It’s game over and lights out for Trump’s enemies in the deep state. Look, the media mocked Trump for saying he was spied on.
The Democrats mocked Trump over his claims and of course guys like James Clapper and other Obama appointees took great offense to the insinuation that they spied on Trump.
But then The New York Times broke a story about how the FBI sent a spy to get close to some Trump campaign officials and now Clapper is singing a different tune.
Look, Bill Barr will get to the bottom of this soon and then we will have a day of reckoning.
From The Washington Examiner: Following revelations that the FBI sent an undercover agent to meet with George Papadopoulos in London in 2016, James Clapper was forced to backtrack on his prior comments and admit that this was “spying.”
Earlier in April, Attorney General William Barr had told Congress that “I think spying on a political campaign is a big deal”, and Clapper had immediately slammed the suggestion that the Trump campaign may have been spied on as “stunning and scary.” But last Friday, Clapper, who’d been the director of national intelligence under President Obama, conceded that what the FBI had been doing “meets the dictionary definition” of “spying.”
Speaking in front of the Senate Appropriations Subcommittee on April 10, Barr told the Department of Justice oversight panel that “for the same reason we’re worried about foreign influence in elections, I think spying on a political campaign is a big deal.” Barr also said he was “not suggesting those rules were violated” but that he does believe “it’s important to look at.”
“I think it’s my obligation,” Barr said.
That same night, Clapper went on CNN to speak with Anderson Cooper and blasted Barr, calling his comments “both stunning and scary.”
“I was amazed at that and rather disappointed that the attorney general would say such a thing,” Clapper said. “The term ‘spying’ has all kinds of negative connotations and I have to believe he chose that term deliberately.”
But in a widely-overlooked interview on CNN on May 3, Clapper admitted that spying had occurred.
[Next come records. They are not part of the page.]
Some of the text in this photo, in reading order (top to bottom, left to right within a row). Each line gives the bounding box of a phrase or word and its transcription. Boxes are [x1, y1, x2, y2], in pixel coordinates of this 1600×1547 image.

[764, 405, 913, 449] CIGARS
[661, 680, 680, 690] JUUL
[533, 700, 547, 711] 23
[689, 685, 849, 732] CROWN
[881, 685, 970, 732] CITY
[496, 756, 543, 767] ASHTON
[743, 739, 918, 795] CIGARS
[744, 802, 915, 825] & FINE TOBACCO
When asked by Wolf Blitzer whether spying had occurred, Clapper said that “it’s not a term of art used by intelligence people“ but admitted that “I guess it meets the dictionary definition of surveillance or spying, a term I don’t particularly like.”
Clapper conceded this point following a May 2 story in the New York Times that revealed that a woman who had been posing as the assistant of Stefan Halper, a Cambridge University professor who himself had worked as a Trump campaign informant on behalf of the FBI, was herself working undercover for the FBI. Going by the alias Azra Turk, this yet-unknown woman was reportedly sent to meet with Papadopoulos by one of the FBI agents who had previously spoken at Halper’s Cambridge Intelligence Seminars.
Barr himself has refused to back down from the use of the word “spying” and, responding to questioning in front of the Senate on May 1, Barr said, “I’m not going to abjure the use of the word ‘spying.’ I don’t think — you know, my first job was in the CIA — I don’t think the word ‘spying’ has any pejorative connotation at all.”
“To me, the question is always whether or not it is authorized and adequately predicated spying,” Barr said. “I think ‘spying’ is a good English word that, in fact, doesn’t have synonyms because it is the broadest word incorporating all forms of covert intelligence collections. So I’m not going to back off of the word ‘spying’ and I use it frequently as the media.”